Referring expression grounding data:
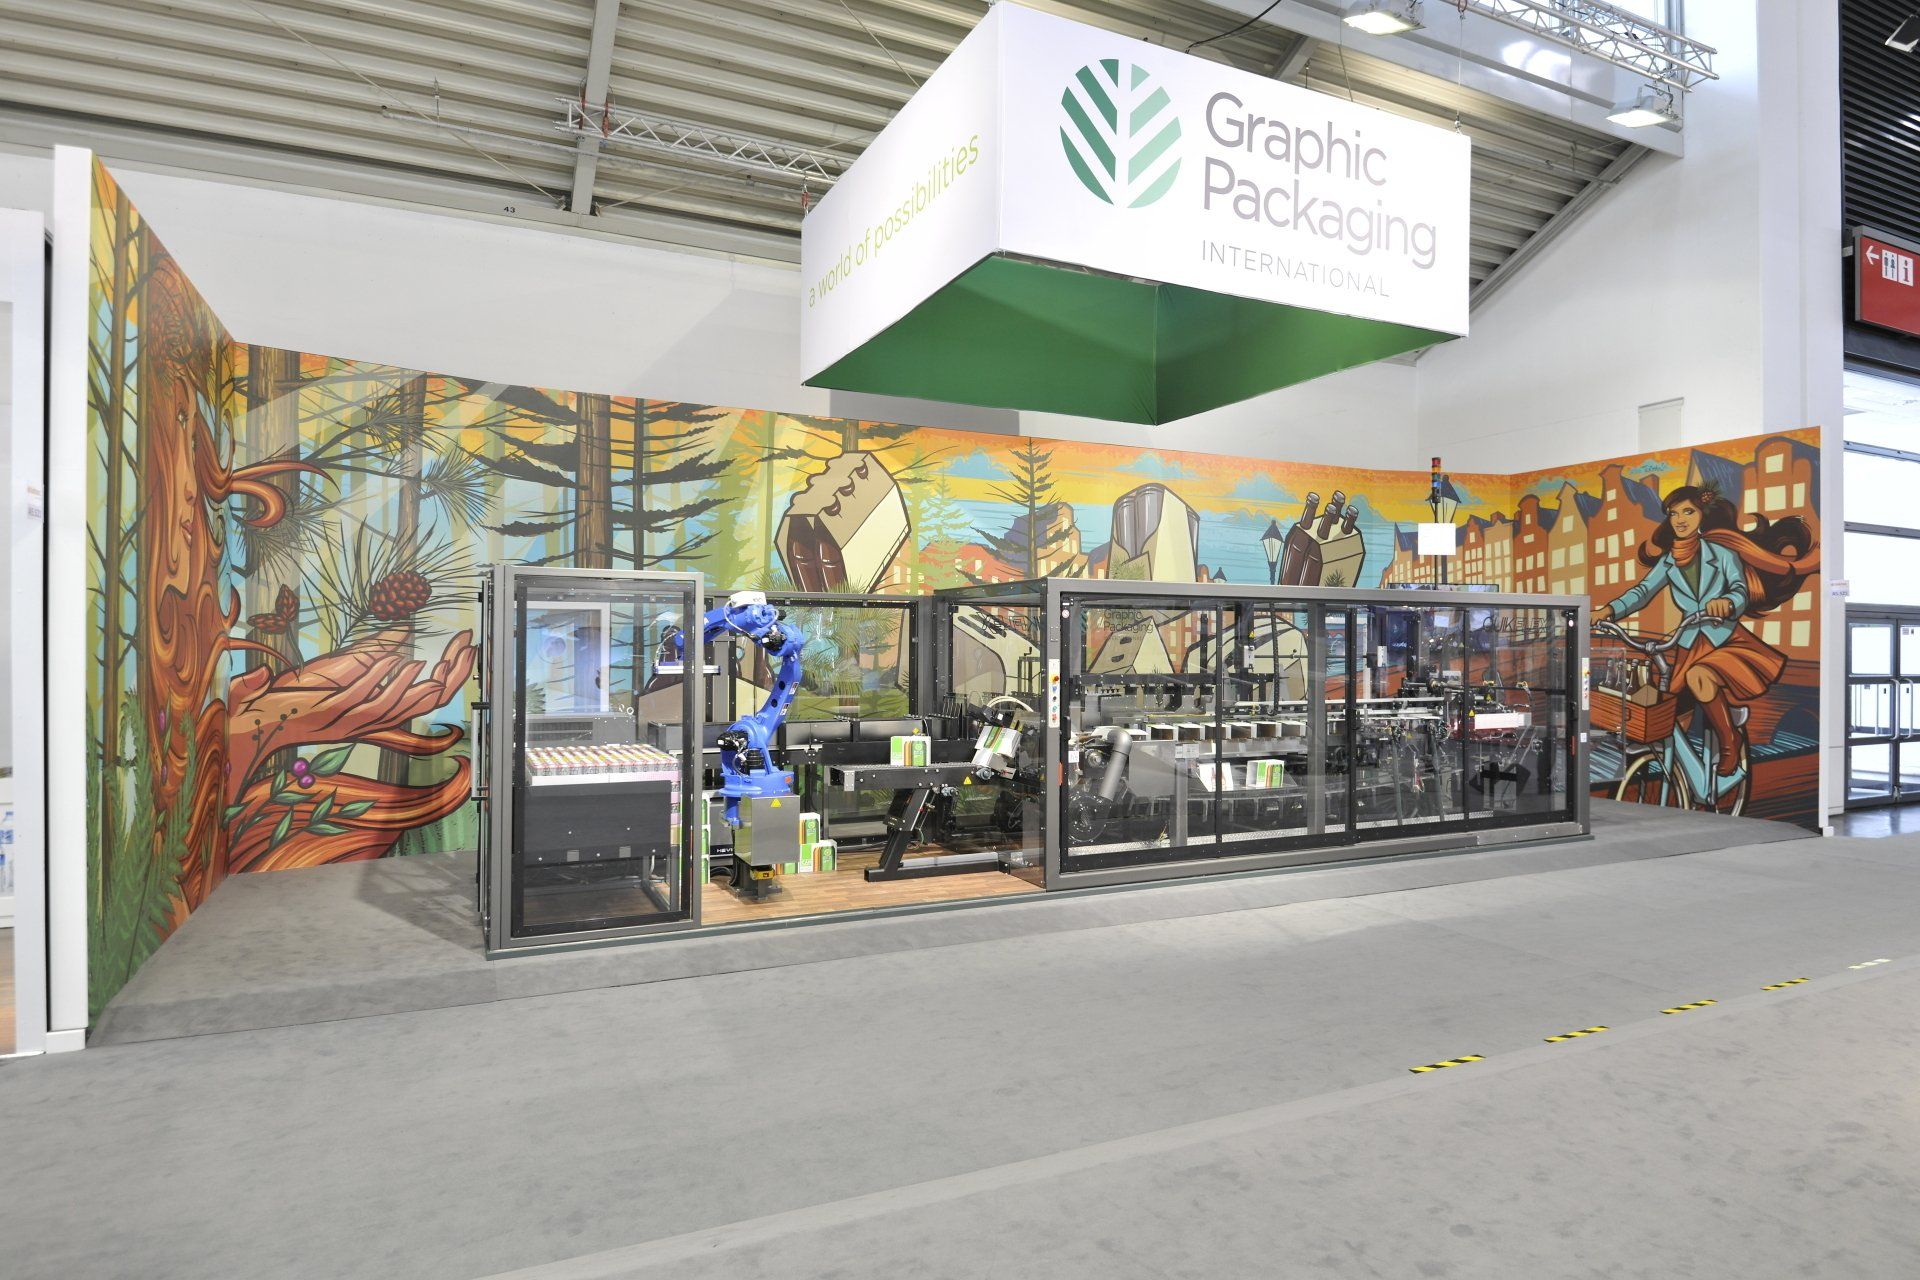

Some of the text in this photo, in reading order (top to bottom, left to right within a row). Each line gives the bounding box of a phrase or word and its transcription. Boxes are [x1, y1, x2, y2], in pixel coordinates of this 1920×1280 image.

[1205, 91, 1387, 187] Graphic
[808, 134, 980, 308] a world of possibilities
[1203, 156, 1437, 270] Packaging
[1202, 239, 1390, 298] INTERNATIONAL
[1103, 608, 1143, 622] Graphic
[1103, 619, 1154, 634] Packaging
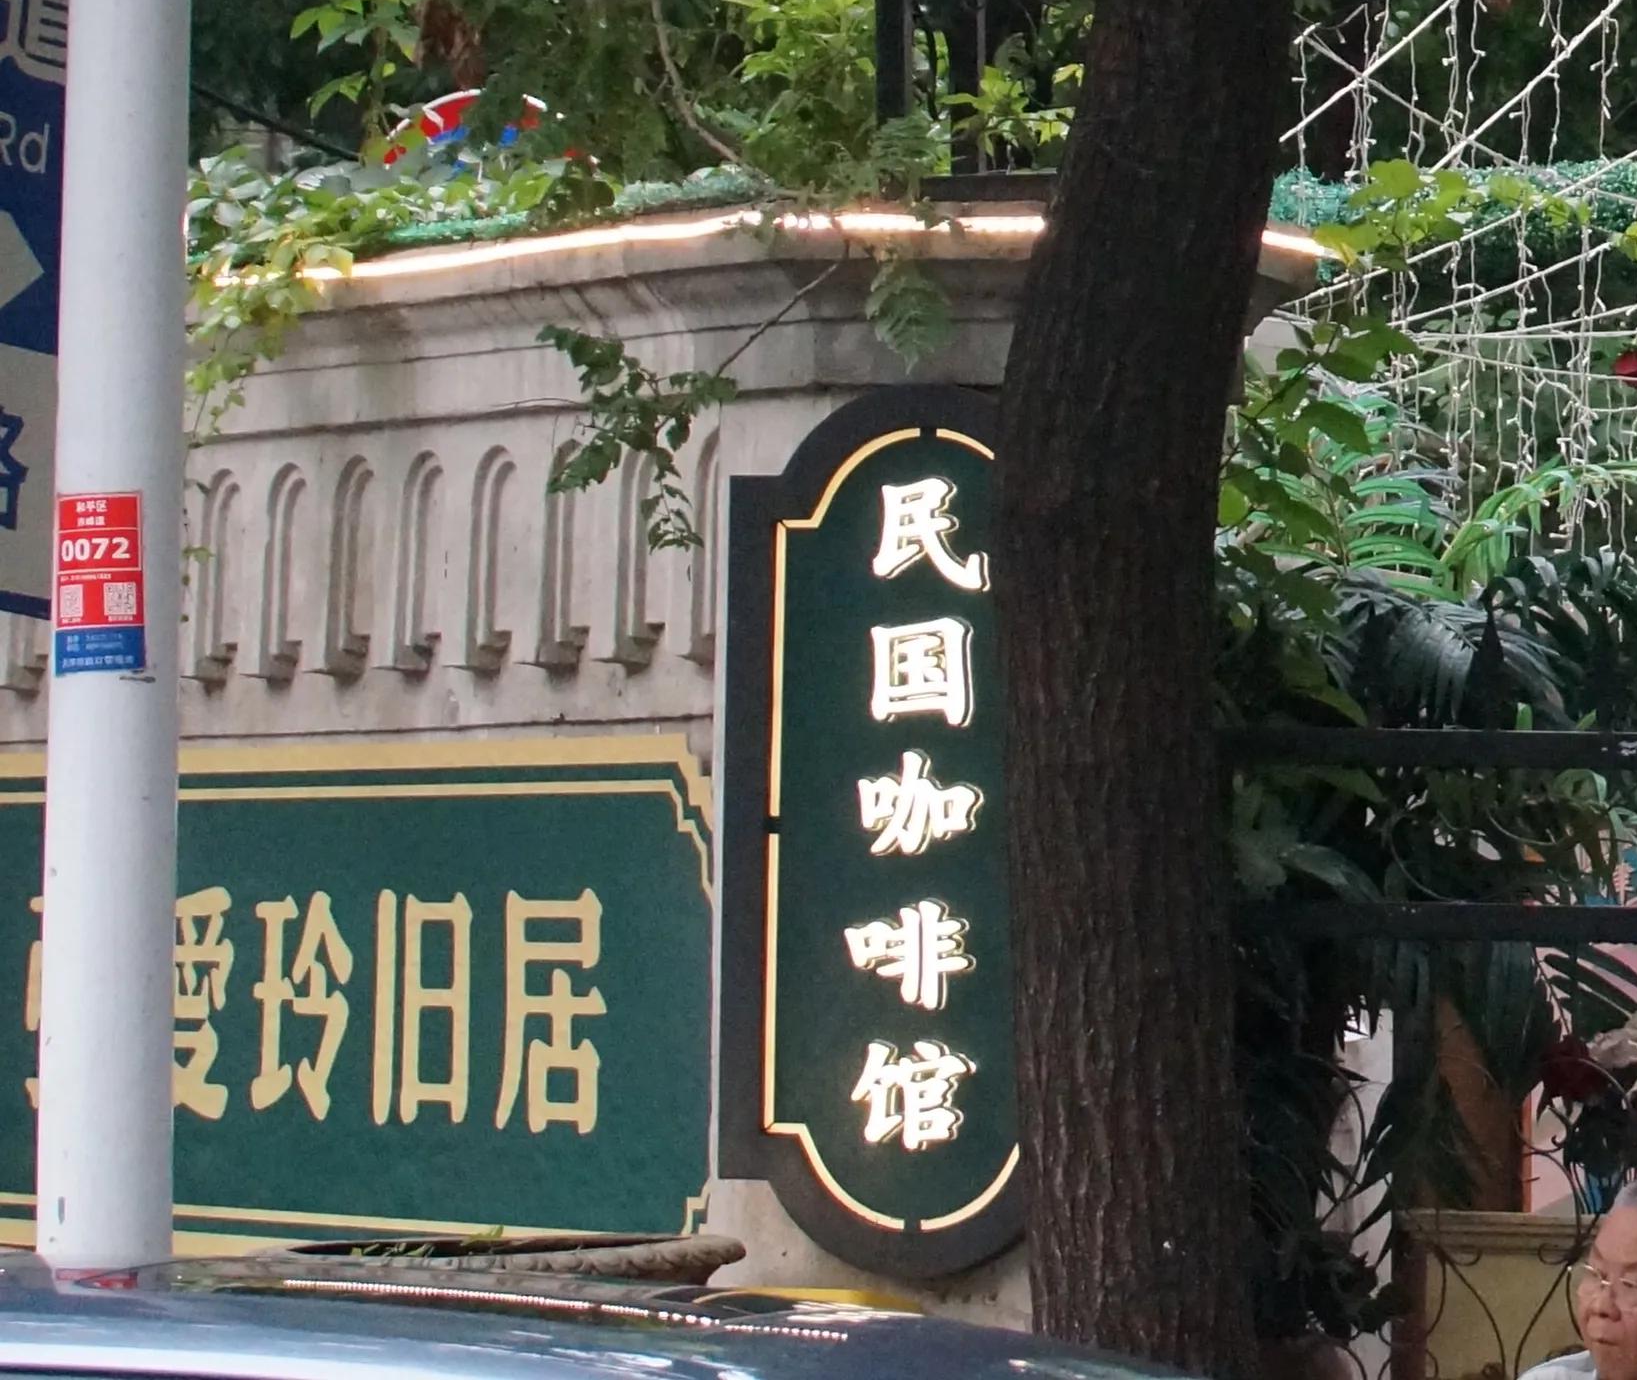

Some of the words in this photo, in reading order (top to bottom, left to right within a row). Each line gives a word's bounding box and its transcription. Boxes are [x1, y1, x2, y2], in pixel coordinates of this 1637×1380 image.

[0, 111, 49, 174] Rd
[61, 536, 131, 562] 0072
[843, 476, 990, 1151] 民国咖啡馆
[25, 884, 607, 1134] 愛玲旧居

The task: Each record above should be retyped exactly, with no pictures carried over.

Exercise output:
Some of the text in this photo, in reading order (top to bottom, left to right within a row). Each line gives the bounding box of a phrase or word and its transcription. Boxes are [x1, y1, x2, y2], in pixel coordinates of this 1920×1280 image.

[1205, 91, 1387, 187] Graphic
[808, 134, 980, 308] a world of possibilities
[1203, 156, 1437, 270] Packaging
[1202, 239, 1390, 298] INTERNATIONAL
[1103, 608, 1143, 622] Graphic
[1103, 619, 1154, 634] Packaging

Some of the words in this photo, in reading order (top to bottom, left to right within a row). Each line gives a word's bounding box and its transcription. Boxes are [x1, y1, x2, y2], in pixel coordinates of this 1637×1380 image.

[0, 111, 49, 174] Rd
[61, 536, 131, 562] 0072
[843, 476, 990, 1151] 民国咖啡馆
[25, 884, 607, 1134] 愛玲旧居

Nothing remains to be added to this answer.